● Requirement: Your copy should match the entries exactly, except that it holds no pictures.

● Task inputs:
◇ ◇ ◇

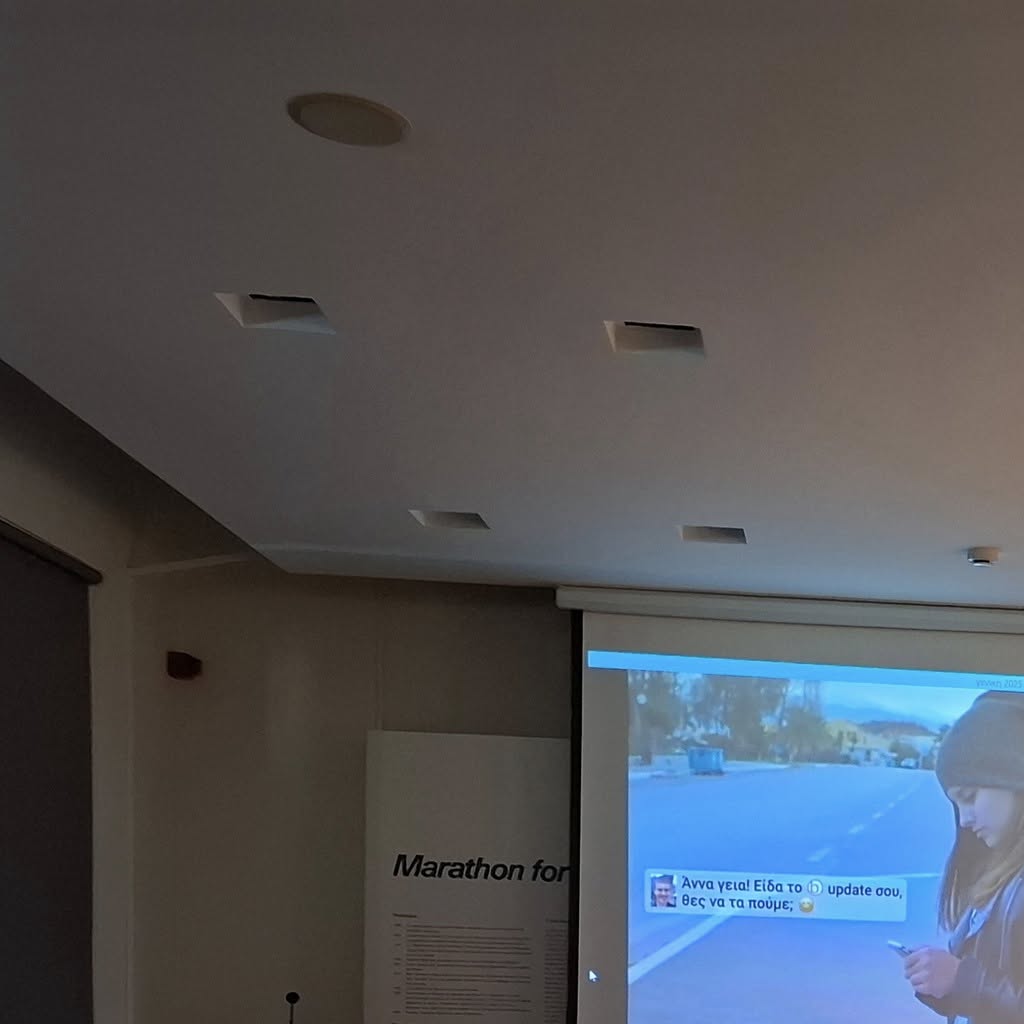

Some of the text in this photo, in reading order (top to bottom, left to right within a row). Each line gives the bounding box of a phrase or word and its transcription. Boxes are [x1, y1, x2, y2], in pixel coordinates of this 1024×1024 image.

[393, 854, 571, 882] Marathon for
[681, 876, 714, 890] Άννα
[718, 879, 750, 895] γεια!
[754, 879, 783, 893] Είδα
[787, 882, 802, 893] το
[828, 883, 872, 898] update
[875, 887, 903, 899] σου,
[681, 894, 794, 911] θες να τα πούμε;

◇ ◇ ◇

● Exercise output:
Some of the text in this photo, in reading order (top to bottom, left to right within a row). Each line gives the bounding box of a phrase or word and its transcription. Boxes are [x1, y1, x2, y2], in pixel coordinates of this 1024×1024 image.

[393, 854, 571, 882] Marathon for
[681, 876, 714, 890] Άννα
[718, 879, 750, 895] γεια!
[754, 879, 783, 893] Είδα
[787, 882, 802, 893] το
[828, 883, 872, 898] update
[875, 887, 903, 899] σου,
[681, 894, 794, 911] θες να τα πούμε;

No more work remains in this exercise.